In January 2017, the I.C.P. launched a website for their march. The site elaborates on the March’s intensions. On the homepage, the site reads:

“As many of you are no doubt personally aware, the FBI’s inclusion of Juggalos as a “gang” has resulted in hundreds if not thousands of people subjected to various forms of discrimination, harassment, and profiling simply for identifying as a Juggalo. Over the past five years, our legal team has heard testimonies and reports from Juggalos all over the nation who have lost custody of their children, been fired from jobs, denied access into the armed forces, and the most common consequence -- being officially labeled as a gang member by law enforcement agencies for wearing Juggalo related clothing or brandishing one or more Juggalo tattoos. A simple traffic stop for a broken tail light can -- and has -- resulted in an otherwise law-abiding, hard-working, taxpaying citizen being put on a local or state list of gang members simply for displaying their Juggalo pride. Being labeled a gang member can be a permanent stain on an individual’s life, since it will come up in a simple background check every single time. Whether that person is applying for a job, trying to adopt a child, join the armed forces, or attempting to acquire housing … their name may pop up as being “gang-affiliated,” even if that person has never been charged with any kind of crime.”

On January 26th, Redditor[6] TaquitoLaw posted about the March in the /r/news subreddit. The post received more than 1,000 points (83% upvoted) and 500 comments.

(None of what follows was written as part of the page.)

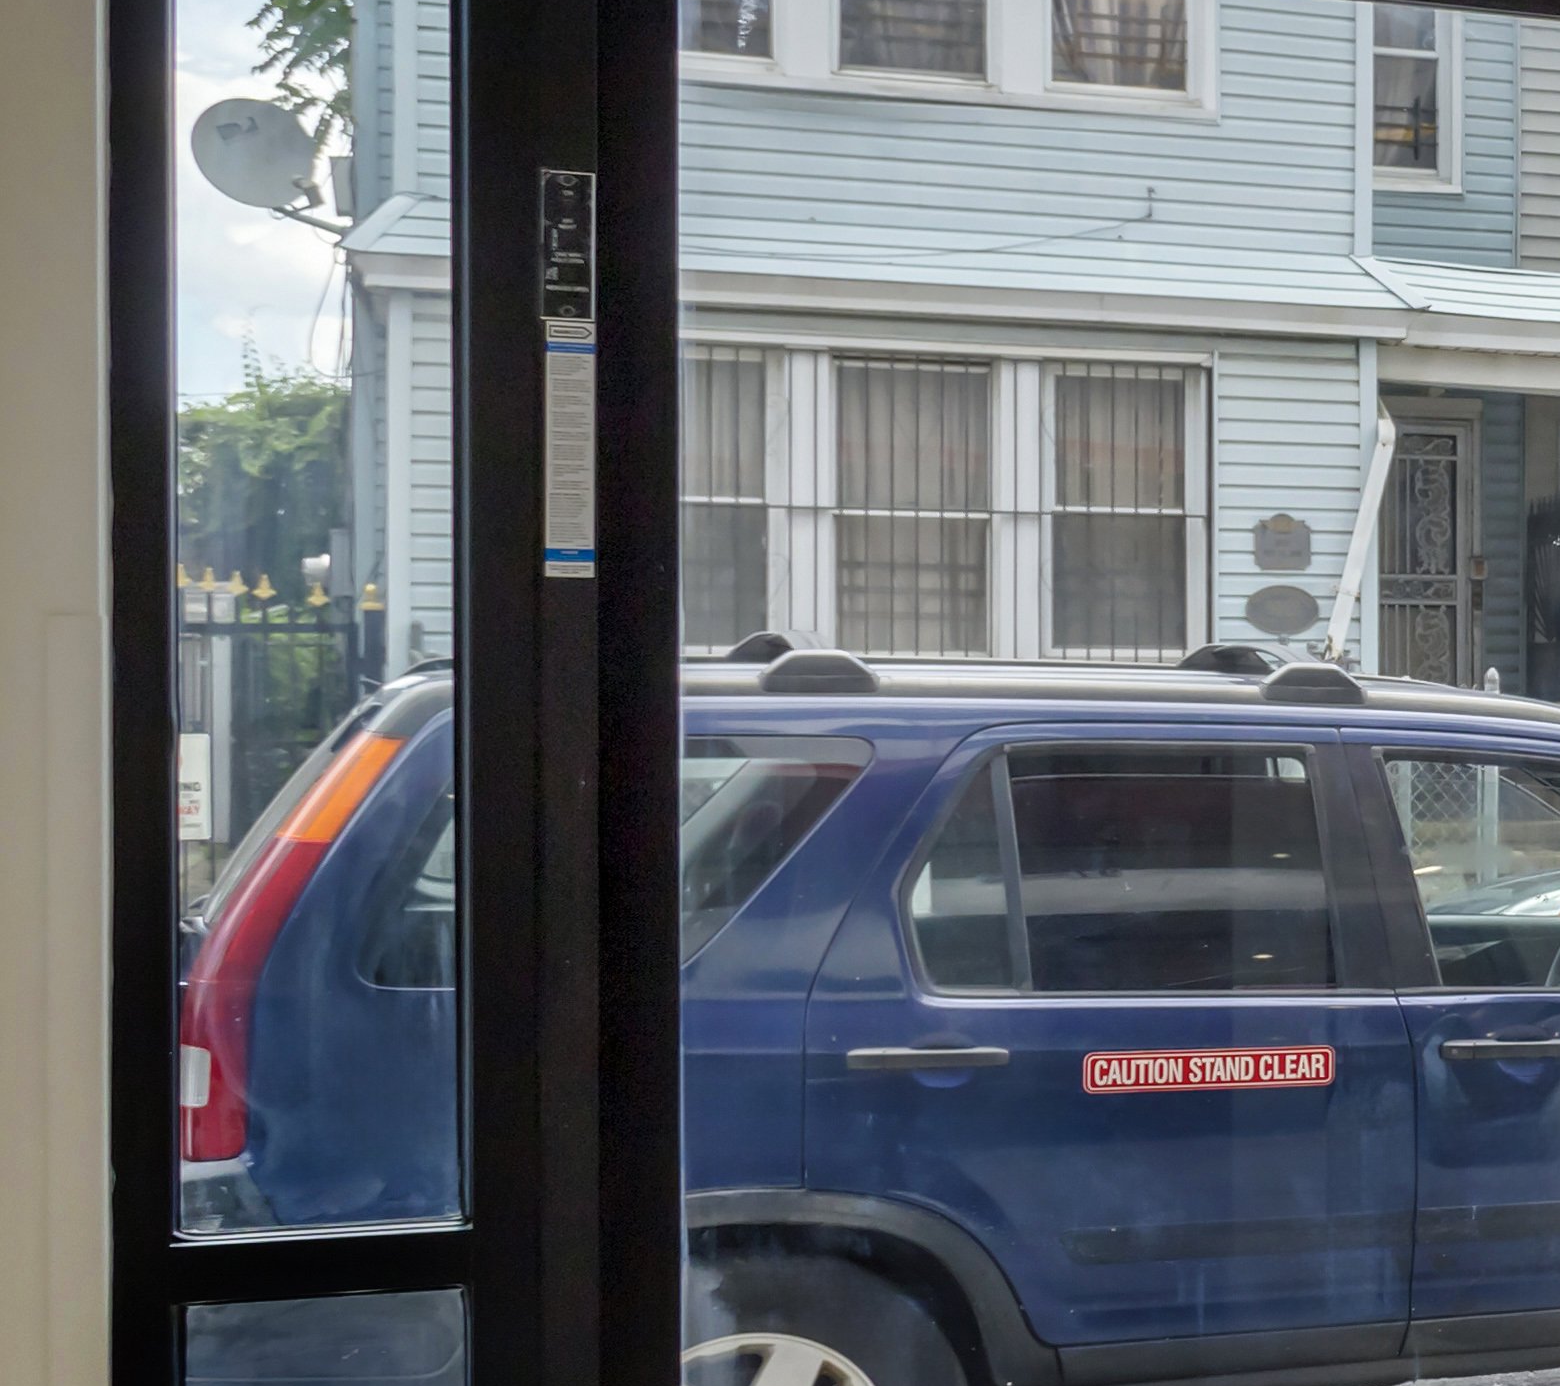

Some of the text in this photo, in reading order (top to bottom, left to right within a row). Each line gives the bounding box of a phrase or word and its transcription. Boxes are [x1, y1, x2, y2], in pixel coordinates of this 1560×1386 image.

[1094, 1054, 1326, 1086] CAUTION STAND CLEAR

On August 16th, CBS News[7] reported that a rally in support of United States President Donald Trump was scheduled for the same day as the Juggalo March. Redditor kicker58 posted about the news in the /r/politics[8] subreddit. It received more than 840 points (96% upvoted) and 500 comments.

On August 18th, Twitter[5] published a Moments page about one user’s tweets in support of the Juggalo March on Washington. The Moments page received more than Twitter user @drivenbyboredom posted a thread about the March. His tweets (shown below) received more than 1,400 retweets and 2,400 likes in less than 24 hours. He wrote:

“Okay, it’s time to talk about the Juggalo March On Washington. This is a real thing that is happening on September 16th. People are already laughing at it and think the march is a joke but if you care about civil rights you might want to take it seriously. Juggalos are marching on Washington because the FBI classified juggalos as a gang. Anyone who as spent five minutes trying to understand juggalos would see they aren’t a gang. It’s an insane notion. It’s like saying the KISS Army is a gang or Deadheads or anything els. It’s fucking silly as hell. However, this gang classification has serious as impact for juggalos who tend to be poor and undereducated already. Here are some real life impacts that the juggalo gang classification has had. People have lost their jobs because of juggalo tattoos. They have lost custody battles. People have been dishonorably discharged from the military for gang tattoos. Juggalos have been pulled over for the cops and been searched because ICP stickers are now probable cause. Juggalos who get arrested for non-violent offenses are treated as gang members and added to gang lists. This all might seem hilarious to you but people are having their lives ruined over a tattoo they got of their favorite band in high school. So if you give a fuck about justice you should give a fuck about this. Liberal s should get on board because it is a civil rights issue and conservatives should get on board because it’s government overreach. Long story short, take the Juggalo March on Washington seriously. It’s more important than you think. End of thread.



Media Coverage

Several news outlets covered the March, including The Hill,[9] The New York Daily News,[10] GQ,[11] Billboard[12] and more.